This section covers concepts, architecture, and design decisions behind graph operations.

Topics

Architecture

Describes how graph operations are structured:

  • Why DuckDB? - Columnar storage and SQL for graph processing
  • In-memory vs persistent - Different operational modes
  • Processing pipeline - Data flow through operations
  • GraphDatabase context manager - Connection handling and transactions

Schema Handling

Covers how graph operations manage different schemas:

  • The schema challenge - Why different sources have different columns
  • UNION ALL BY NAME - DuckDB's schema harmonization approach
  • Auto-detection - How formats and types are inferred
  • Schema evolution - Adding columns during append operations
  • NULL handling - Treatment of missing values

Data Integrity

Explains the non-destructive approach to data quality:

  • Philosophy: move, don't delete - Why problem data is archived
  • Archive tables - Where problematic data is stored
  • Provenance tracking - How source attribution works
  • Recovery - Retrieving data from archives
  • Use cases - QC and debugging scenarios

Describes integration with the Biolink model:

  • What is Biolink? - The knowledge graph standard
  • Required fields - Minimum columns for valid KGX
  • Multivalued fields - Arrays in node/edge properties
  • Compliance checking - How validation works
  • Common issues - Frequent compliance problems and fixes

Key Concepts

KGX Format

Knowledge Graph Exchange (KGX) is a standard format for representing knowledge graphs as node and edge tables.

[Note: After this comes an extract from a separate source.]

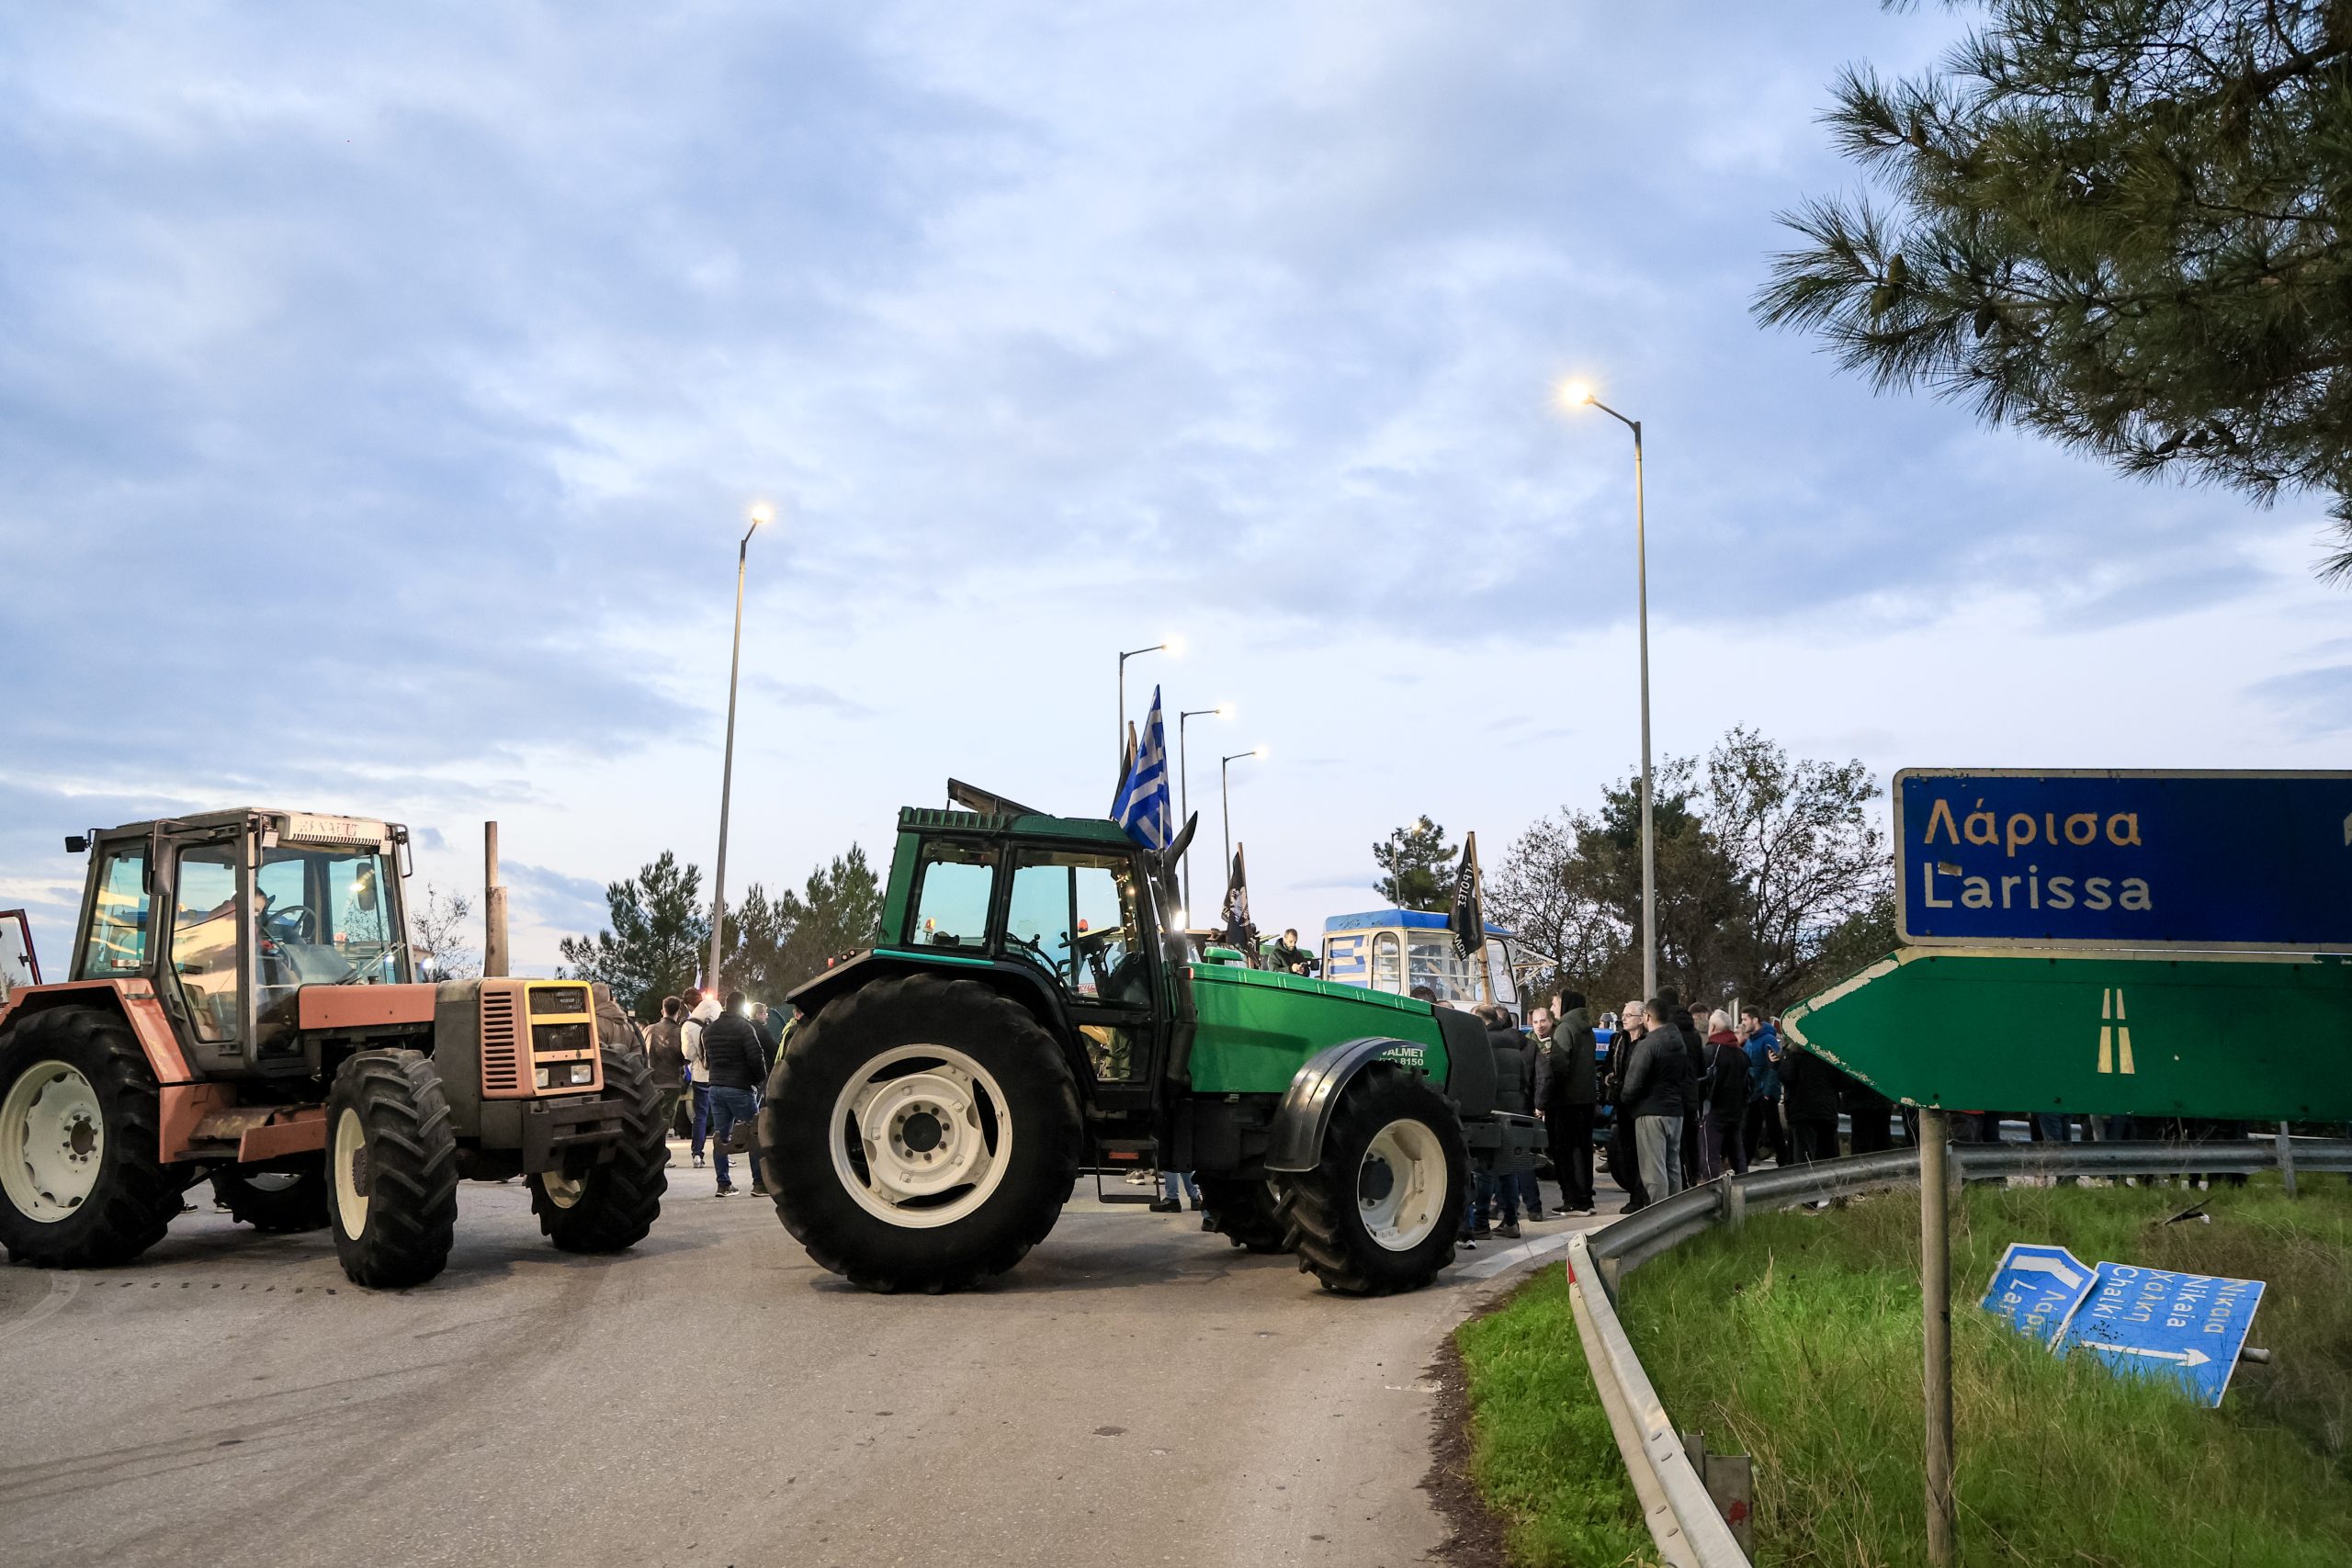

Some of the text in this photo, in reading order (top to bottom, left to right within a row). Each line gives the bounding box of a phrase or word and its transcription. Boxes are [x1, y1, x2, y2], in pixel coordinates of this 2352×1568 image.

Graph operations work with KGX files in TSV, JSONL, or Parquet format.

DuckDB

DuckDB is an embedded analytical database with:

  • Columnar processing
  • SQL query interface
  • In-memory and persistent modes
  • Data compression

SSSOM

Simple Standard for Sharing Ontological Mappings (SSSOM) is a format for representing identifier mappings. Graph operations use SSSOM files to normalize identifiers during the merge process.

Design Principles

  1. Non-destructive: Problem data is moved to archive tables, not deleted
  2. Provenance: All records track their source file
  3. Flexibility: Operations work with any valid KGX files
  4. Performance: DuckDB handles processing of large graphs
  5. SQL access: Graphs can be queried directly